Heero held up the top picture, the one he'd been looking at. "Look at
his room. Nothing touched except the body. All the violence contained
in one place. Gangs are messier, destructive. Or if it was the mafia,
they'd be -- this was an efficient kill."
Wufei took the photo from him, but he barely glanced at it before laying
it on the desk before him. "Do you have a theory?" he asked.
"I want to see the forensics first." Then he was shaking his head. "I
think it would be a mistake to focus solely on Duo."
"I agree with that at least."
"I want to canvas the building for witnesses."
Wufei stared at him for a long, cold moment. "This building?" he clarified
softly.
Heero looked up, suddenly dry-mouthed at what he had implied. "No," he
said, and it came out on an odd croak. He cleared his throat. "The building
where we found Vasquez."
Wufei glanced down at his watch, then stood, lifting his jacket from the
back of his chair and grabbing his glasses. "Want to go for a ride?"
+
Duo tossed the box he'd been given holding his wallet, coat, and belt
to the floor beside the door. Trowa hung up his coat, and then Duo's beside
it, and flicked on the living room lights. He caught Duo's arm when Duo
would have gone past him, and touched the swelling bruise on his left
cheek. "Who did this?" he demanded softly.
Duo's eyes flickered over him. "Another question I'm not going answer."

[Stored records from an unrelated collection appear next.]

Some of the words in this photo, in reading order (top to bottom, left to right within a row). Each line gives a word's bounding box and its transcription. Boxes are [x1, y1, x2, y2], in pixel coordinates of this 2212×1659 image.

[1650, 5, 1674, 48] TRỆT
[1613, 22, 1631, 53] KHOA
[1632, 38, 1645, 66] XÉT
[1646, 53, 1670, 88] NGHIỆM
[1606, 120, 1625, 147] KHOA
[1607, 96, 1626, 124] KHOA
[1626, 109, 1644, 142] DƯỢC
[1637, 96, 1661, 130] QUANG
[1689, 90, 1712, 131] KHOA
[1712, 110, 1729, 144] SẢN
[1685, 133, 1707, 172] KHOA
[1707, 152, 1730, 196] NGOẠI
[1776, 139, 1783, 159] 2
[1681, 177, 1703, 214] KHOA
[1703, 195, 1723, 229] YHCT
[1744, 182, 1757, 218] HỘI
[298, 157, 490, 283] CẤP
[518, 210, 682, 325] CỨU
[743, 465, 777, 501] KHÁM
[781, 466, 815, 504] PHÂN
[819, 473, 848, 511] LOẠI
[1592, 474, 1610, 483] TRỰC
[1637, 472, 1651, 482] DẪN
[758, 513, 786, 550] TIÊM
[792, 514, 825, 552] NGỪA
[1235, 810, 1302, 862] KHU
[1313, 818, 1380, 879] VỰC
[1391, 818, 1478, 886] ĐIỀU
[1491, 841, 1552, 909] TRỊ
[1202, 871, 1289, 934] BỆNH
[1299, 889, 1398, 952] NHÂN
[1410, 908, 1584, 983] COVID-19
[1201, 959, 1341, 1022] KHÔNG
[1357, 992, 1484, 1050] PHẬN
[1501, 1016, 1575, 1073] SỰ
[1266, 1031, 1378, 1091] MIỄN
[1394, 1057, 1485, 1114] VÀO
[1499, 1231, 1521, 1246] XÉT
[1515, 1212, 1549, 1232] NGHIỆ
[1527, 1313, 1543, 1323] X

"So what can you do, Duo?" He released the other man in a little disgust.
"Are you going to run?"
"I don't know yet." Duo dropped onto Trowa's couch, and his head fell
back to rest on the cushions. "I don't... I don't exactly have a plan."

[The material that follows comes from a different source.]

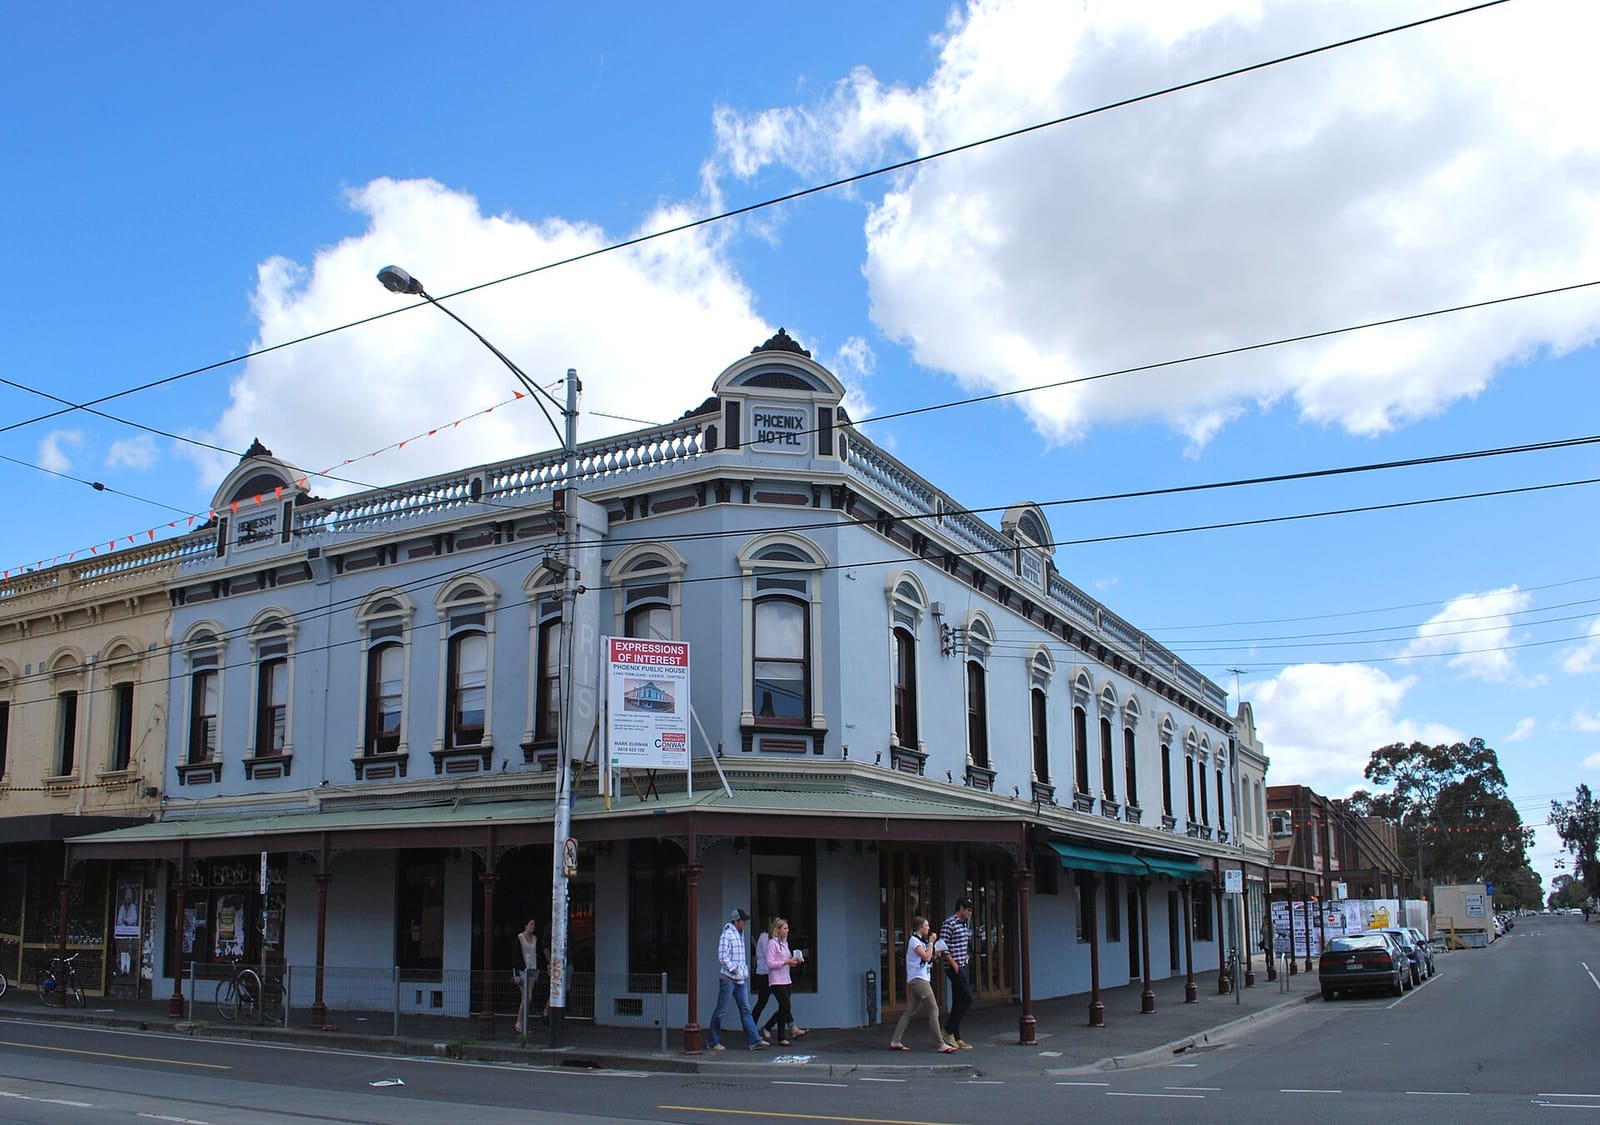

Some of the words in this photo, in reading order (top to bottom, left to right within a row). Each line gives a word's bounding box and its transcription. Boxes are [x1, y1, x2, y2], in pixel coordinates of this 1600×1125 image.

[758, 429, 801, 446] HOTEL
[615, 642, 685, 654] EXPRESSIONS
[618, 653, 632, 662] OF
[634, 655, 682, 665] INTEREST

Trowa shoved his car keys deep into his pocket. "You don't trust me at
all," he guessed.
"I do. More than I'd trust my own mother, if I knew who the fuck she was."
His voice was thin about the edges. Trowa felt a little prick of worry
and pity. "This is going all to pot and I don't know what to do yet."
It was now eight in the morning. Trowa had at least had a few hours of
sleep the night before, but he was tired; Duo was trying to make it into
Space on fumes and nothing else. "You need to sleep," Trowa said. "And
eat something. Come on and I'll feed you."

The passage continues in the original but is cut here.